- What needs to be done -
Repeat the data in full. Drop every picture.
::::::::::
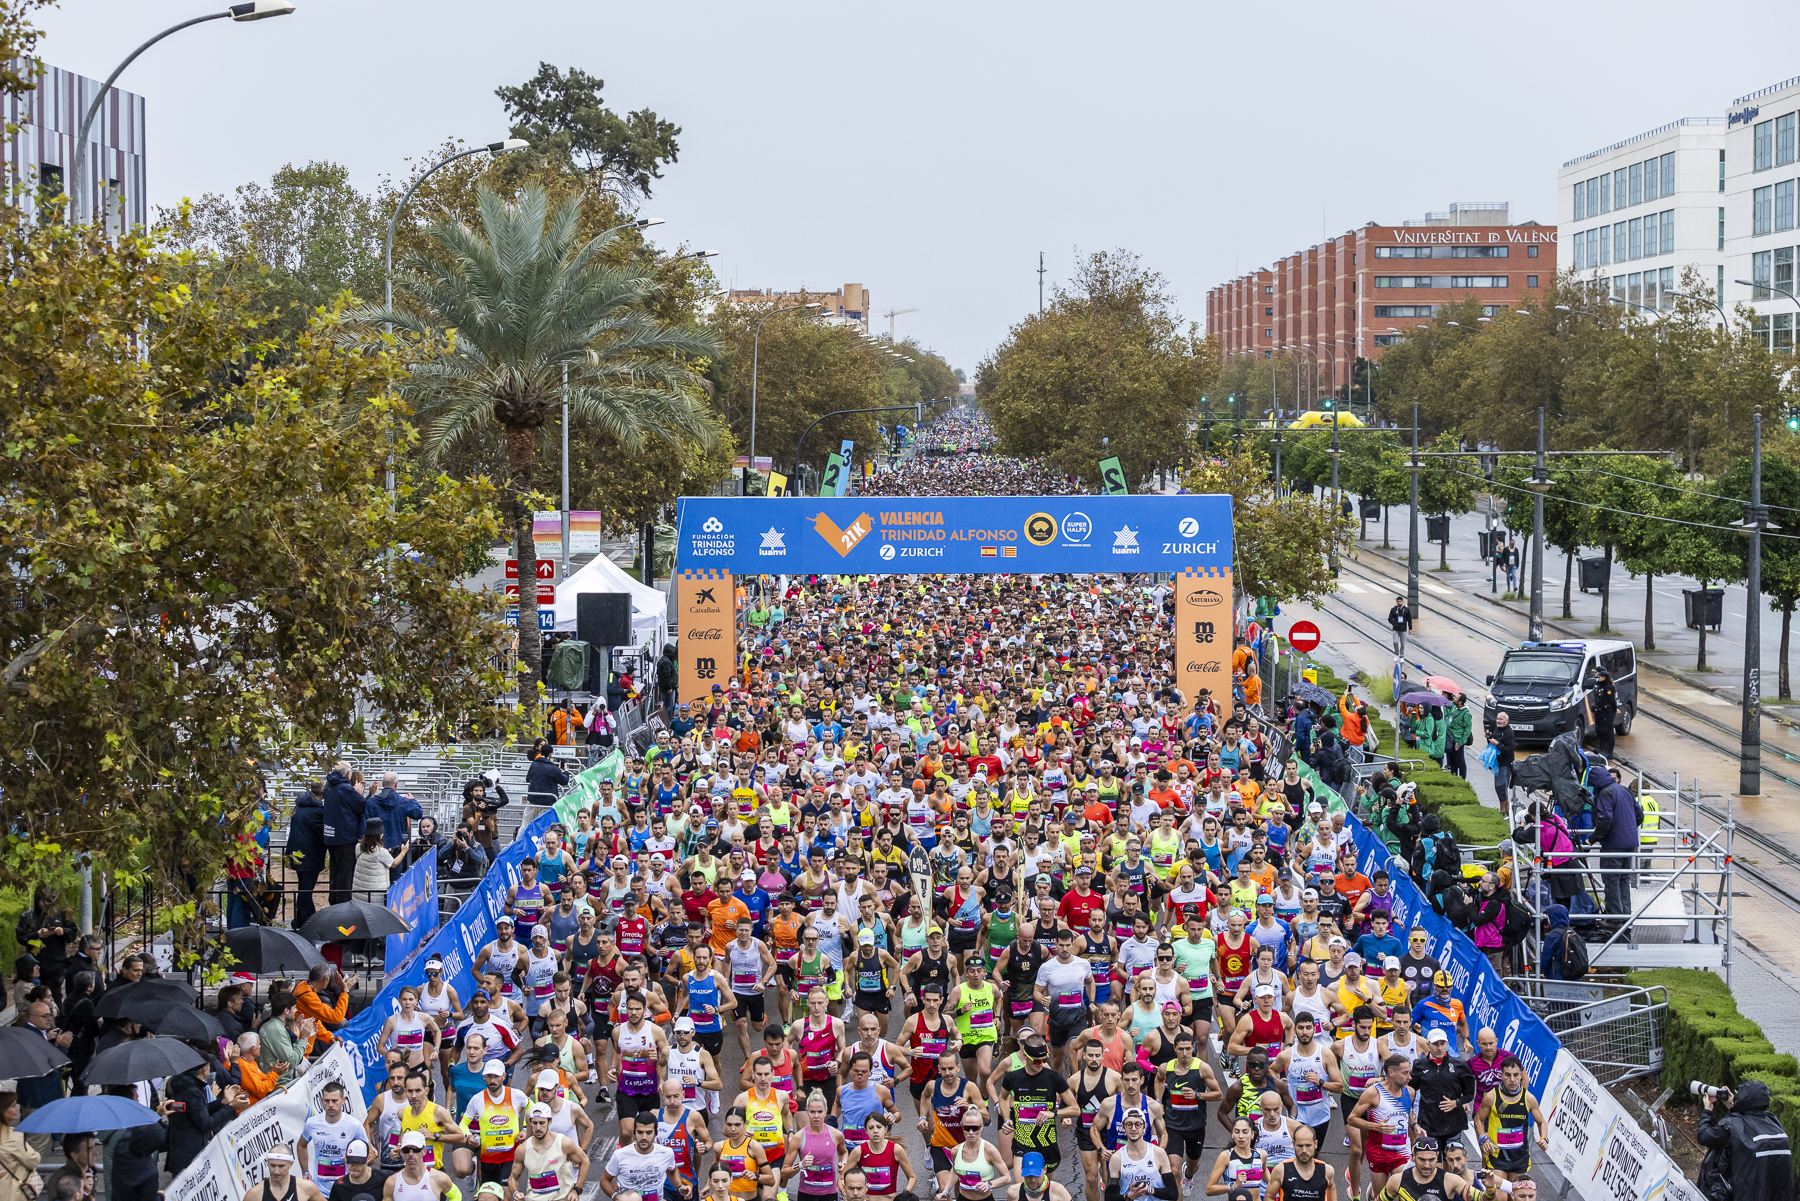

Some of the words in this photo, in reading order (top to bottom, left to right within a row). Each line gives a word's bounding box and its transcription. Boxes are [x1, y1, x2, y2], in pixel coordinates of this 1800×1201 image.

[842, 448, 852, 468] 3
[824, 464, 840, 488] 2
[880, 512, 944, 526] VALENCIA
[841, 521, 866, 550] 21K
[880, 529, 946, 541] TRINIDAD
[950, 529, 1018, 541] ALFONSO
[759, 548, 786, 556] luanvi
[900, 548, 943, 557] ZURICH
[1162, 543, 1216, 554] ZURICH
[540, 614, 553, 626] 14
[469, 911, 487, 947] ZURICH
[1514, 1039, 1543, 1087] ZURICH
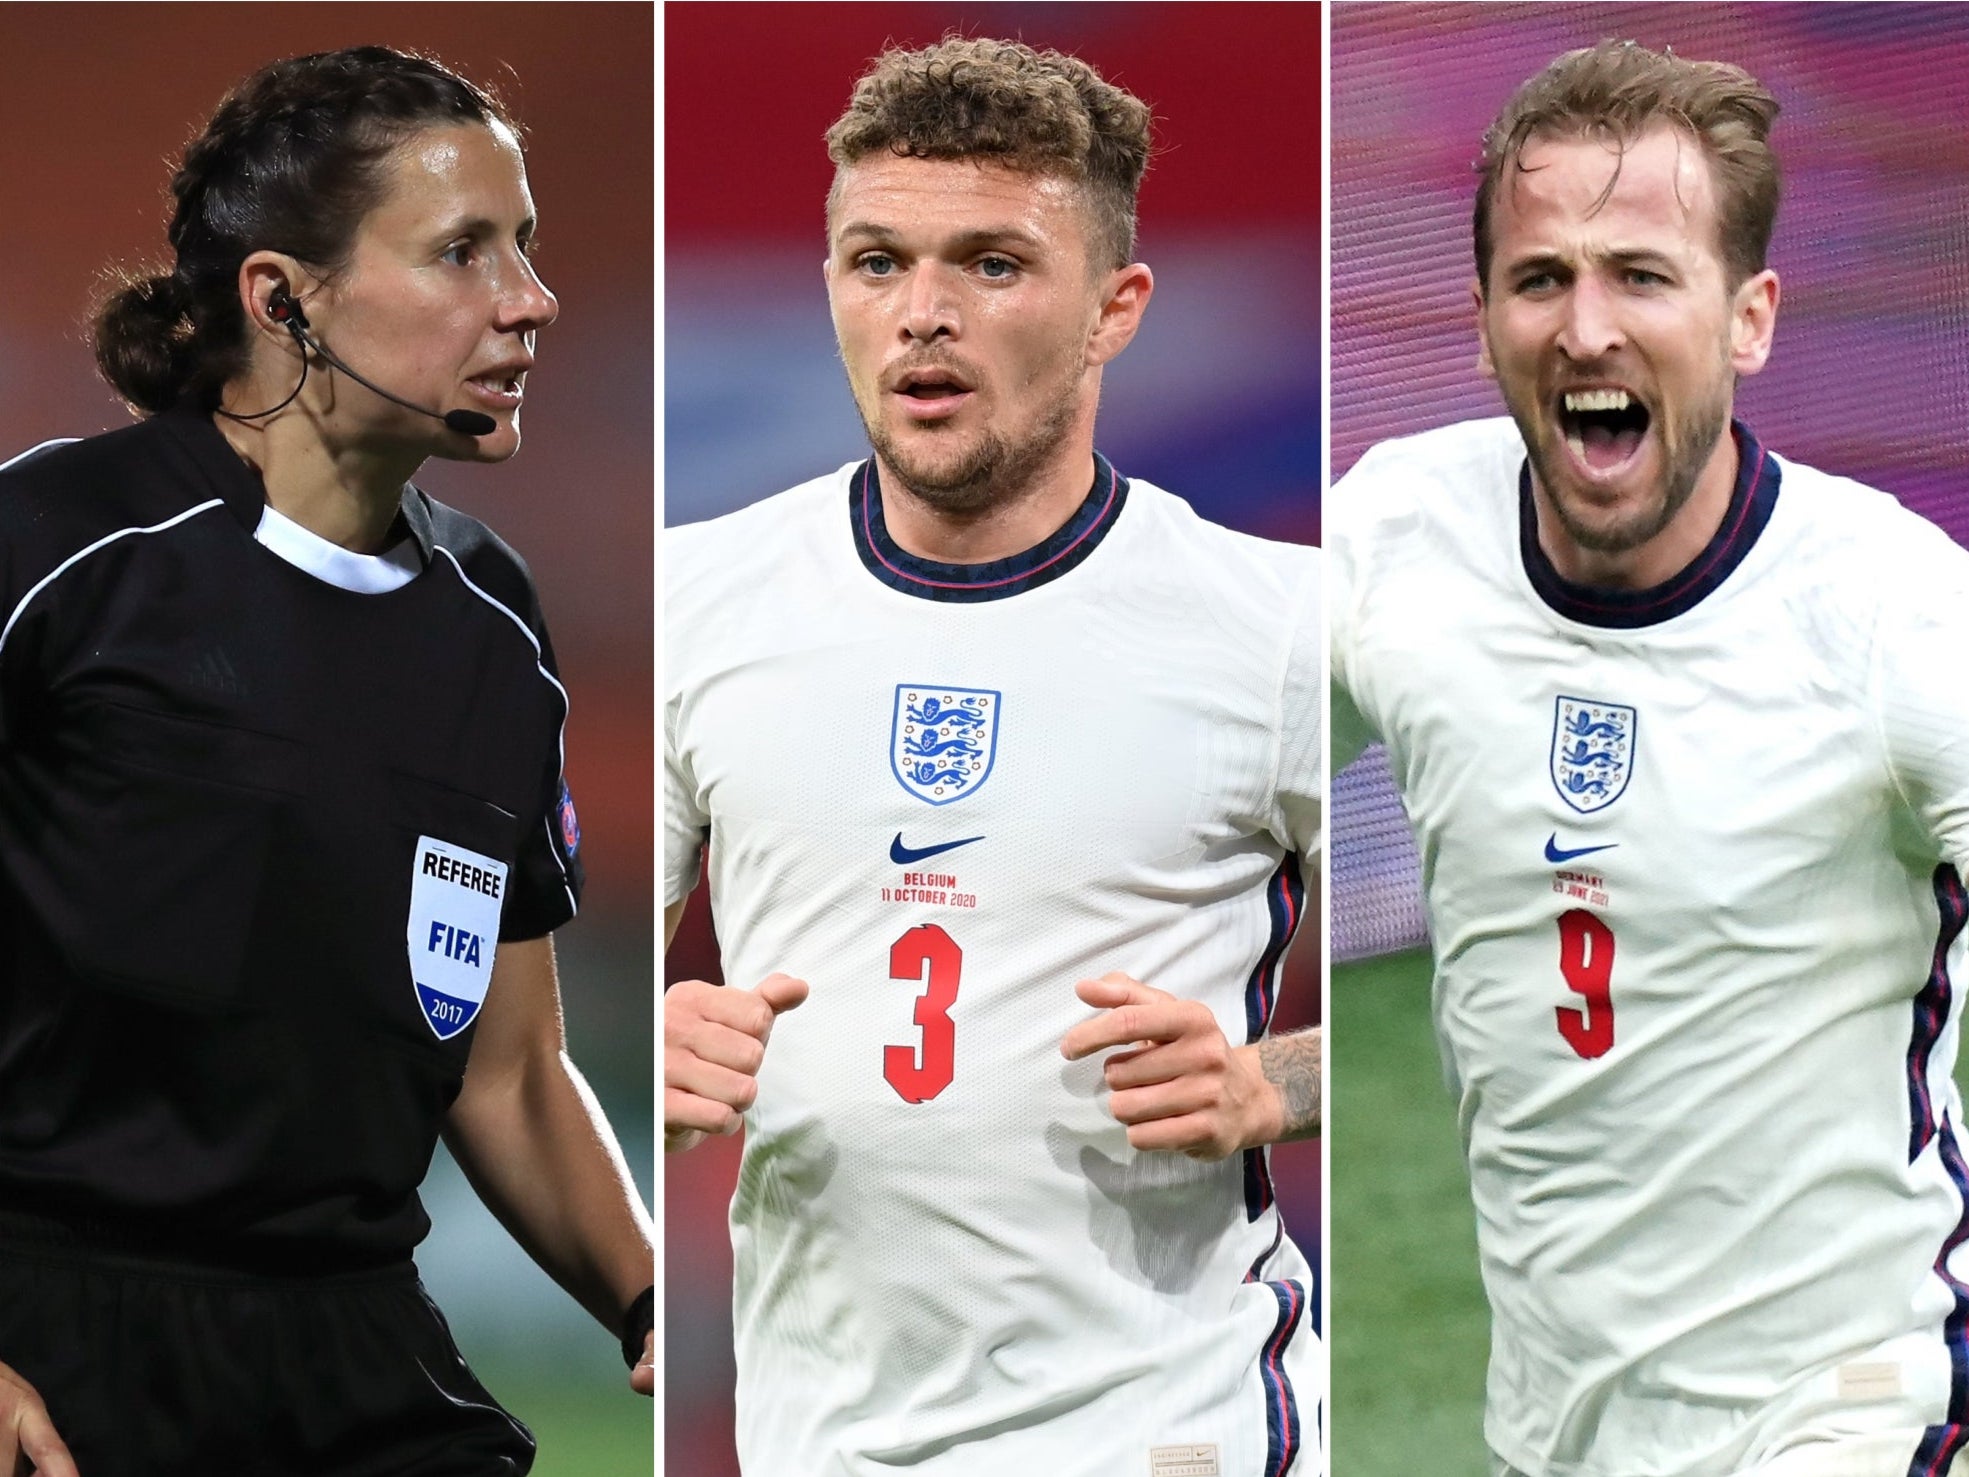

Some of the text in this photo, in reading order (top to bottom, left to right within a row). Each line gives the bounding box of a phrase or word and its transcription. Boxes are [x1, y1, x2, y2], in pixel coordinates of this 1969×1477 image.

[422, 851, 501, 899] REFEREE
[881, 887, 977, 908] 11 OCTOBER 2020
[903, 872, 956, 889] BELGIUM
[428, 920, 480, 968] FIFA
[1555, 907, 1615, 1060] 9
[431, 998, 463, 1025] 2017
[883, 923, 963, 1104] 3
::::::::::
- Exercise response -
Some of the words in this photo, in reading order (top to bottom, left to right within a row). Each line gives a word's bounding box and its transcription. Boxes are [x1, y1, x2, y2], in pixel coordinates of this 1800×1201 image.

[842, 448, 852, 468] 3
[824, 464, 840, 488] 2
[880, 512, 944, 526] VALENCIA
[841, 521, 866, 550] 21K
[880, 529, 946, 541] TRINIDAD
[950, 529, 1018, 541] ALFONSO
[759, 548, 786, 556] luanvi
[900, 548, 943, 557] ZURICH
[1162, 543, 1216, 554] ZURICH
[540, 614, 553, 626] 14
[469, 911, 487, 947] ZURICH
[1514, 1039, 1543, 1087] ZURICH

Some of the text in this photo, in reading order (top to bottom, left to right within a row). Each line gives the bounding box of a phrase or word and its transcription. Boxes are [x1, y1, x2, y2], in pixel coordinates of this 1969×1477 image.

[422, 851, 501, 899] REFEREE
[881, 887, 977, 908] 11 OCTOBER 2020
[903, 872, 956, 889] BELGIUM
[428, 920, 480, 968] FIFA
[1555, 907, 1615, 1060] 9
[431, 998, 463, 1025] 2017
[883, 923, 963, 1104] 3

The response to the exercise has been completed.